- Extracted data entries:

[Start of Attachment]

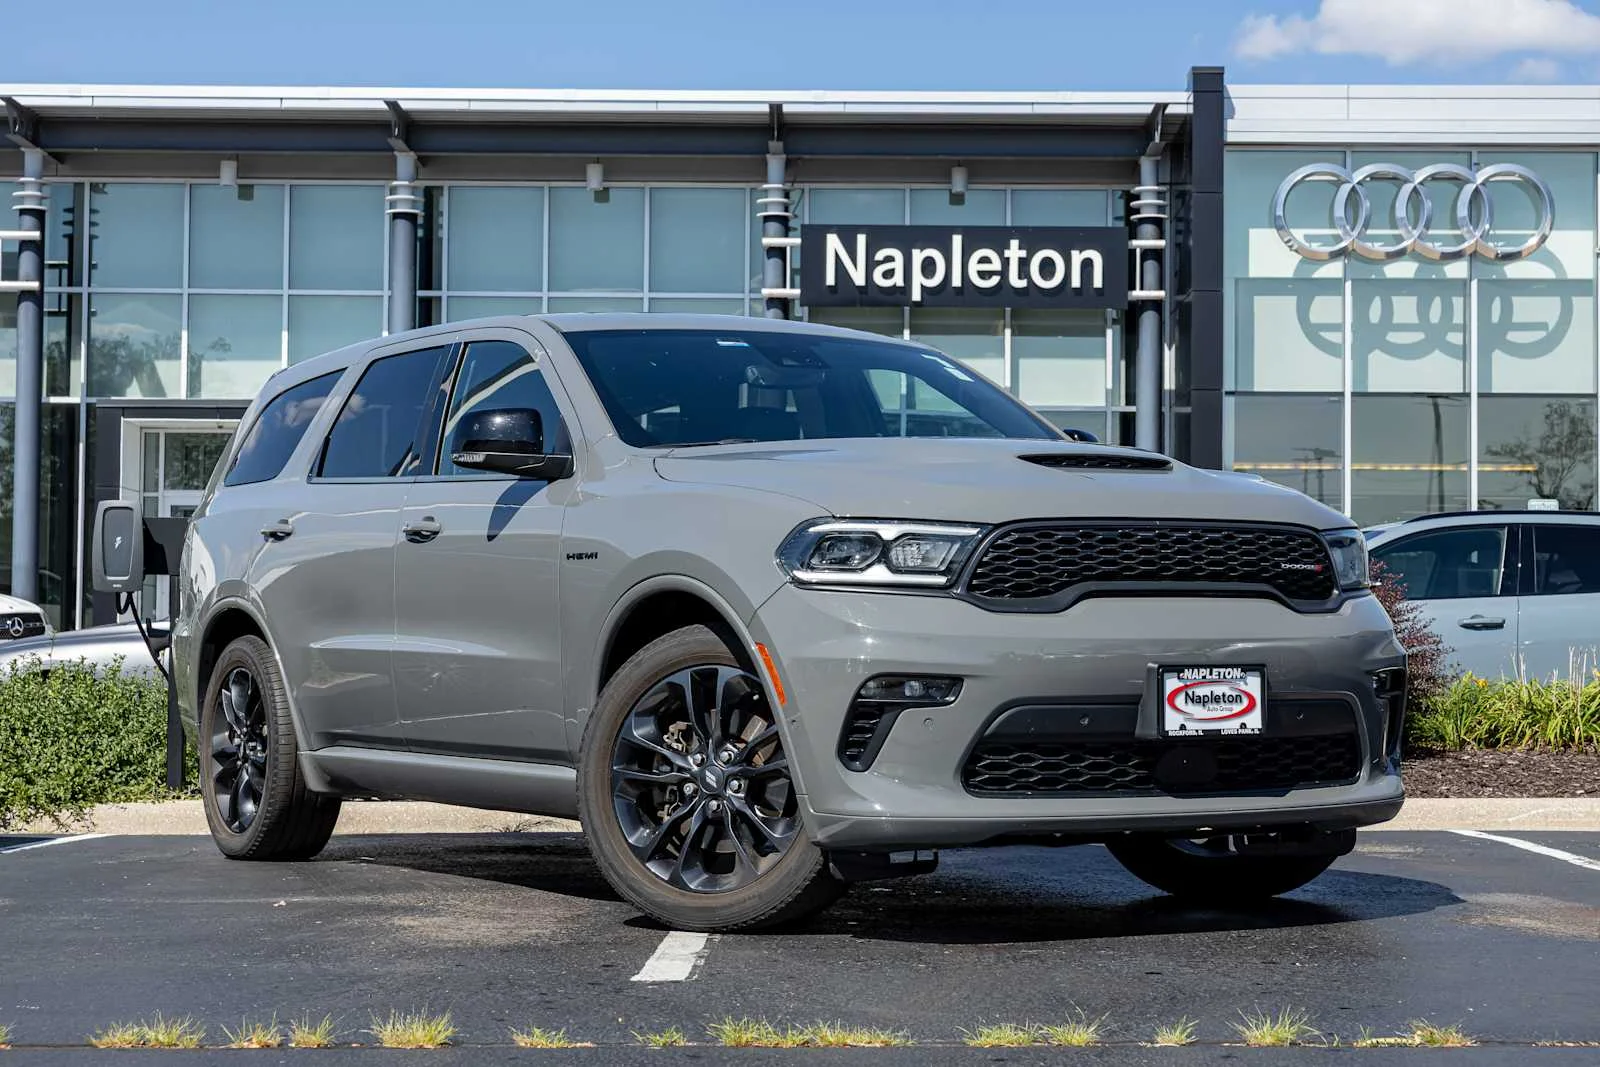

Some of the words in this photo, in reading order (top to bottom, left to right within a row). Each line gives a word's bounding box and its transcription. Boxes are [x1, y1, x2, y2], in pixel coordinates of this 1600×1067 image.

[825, 233, 1103, 301] Napleton
[566, 552, 598, 560] HEMI
[1184, 668, 1241, 679] NAPLETON
[1185, 691, 1242, 706] Napleton
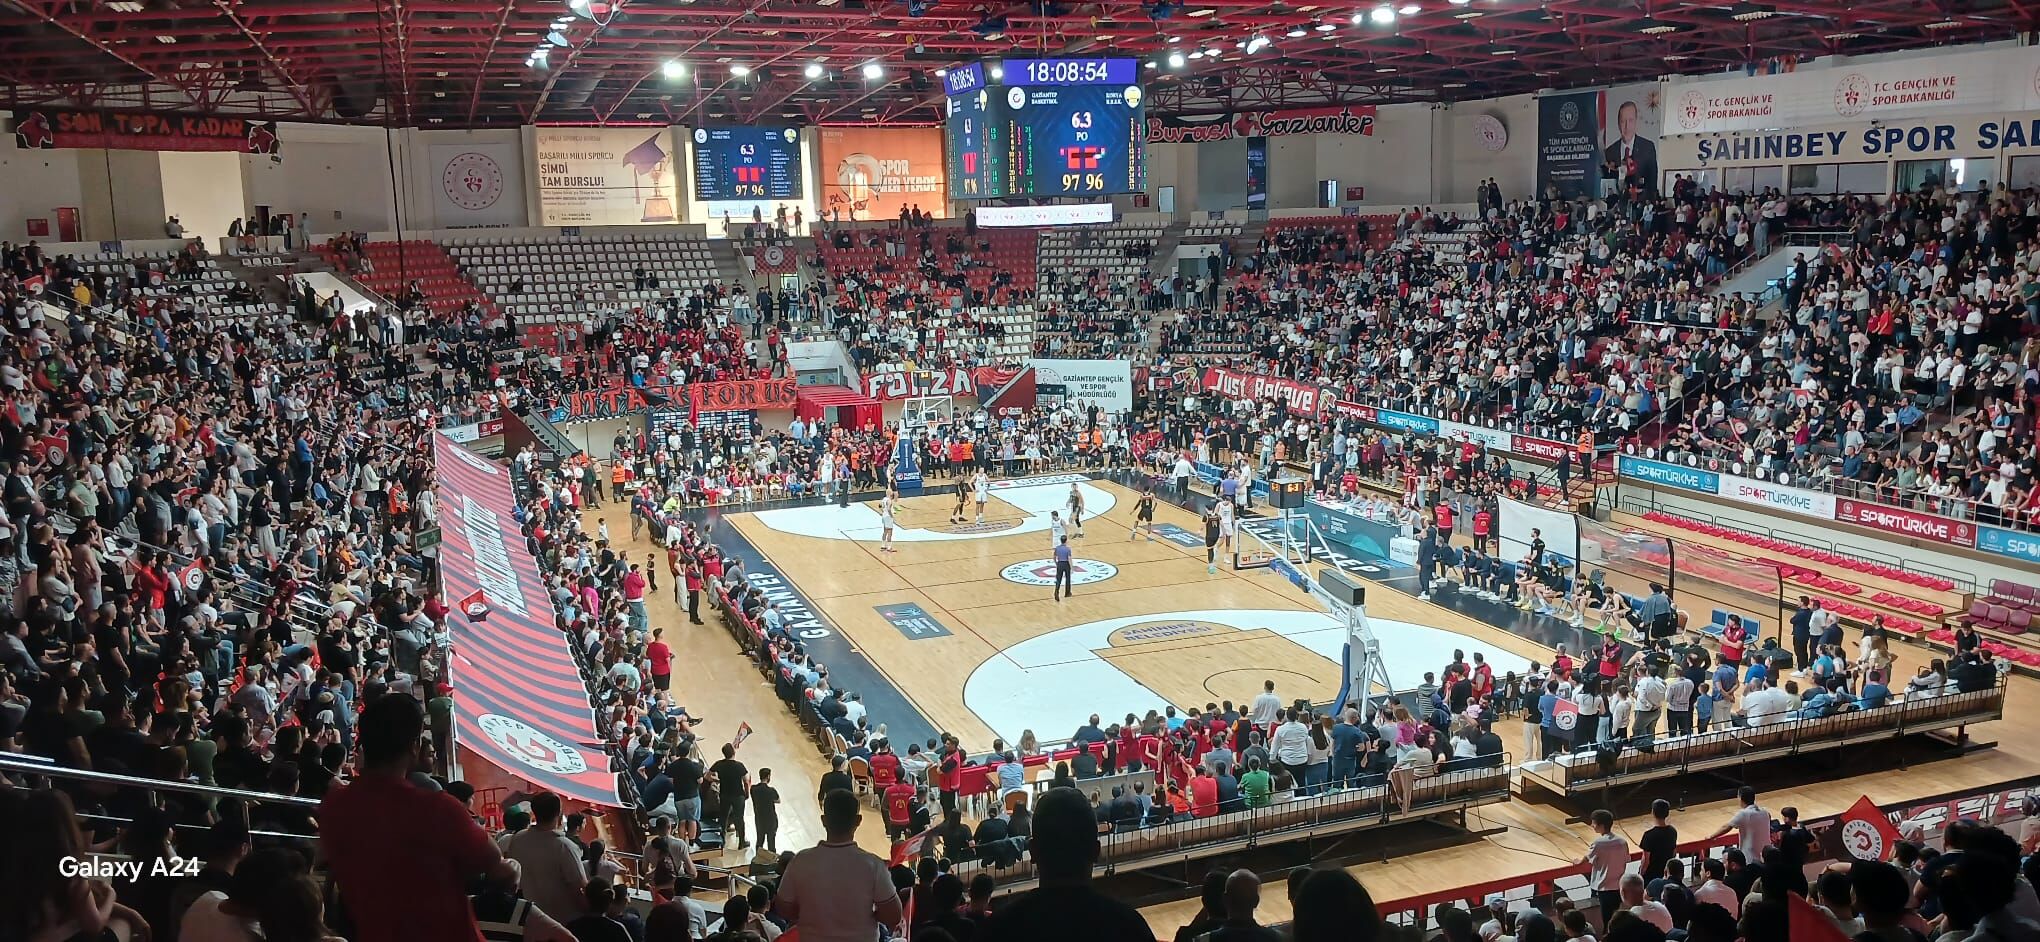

[End of Attachment]

- Task prompt: Without the pictures, retype all of the data above exactly.

- Answer for the task:
Some of the words in this photo, in reading order (top to bottom, left to right within a row). Each line gives a word's bounding box and its transcription. Boxes are [x1, y1, x2, y2], in pixel coordinates of this 1600×1067 image.

[825, 233, 1103, 301] Napleton
[566, 552, 598, 560] HEMI
[1184, 668, 1241, 679] NAPLETON
[1185, 691, 1242, 706] Napleton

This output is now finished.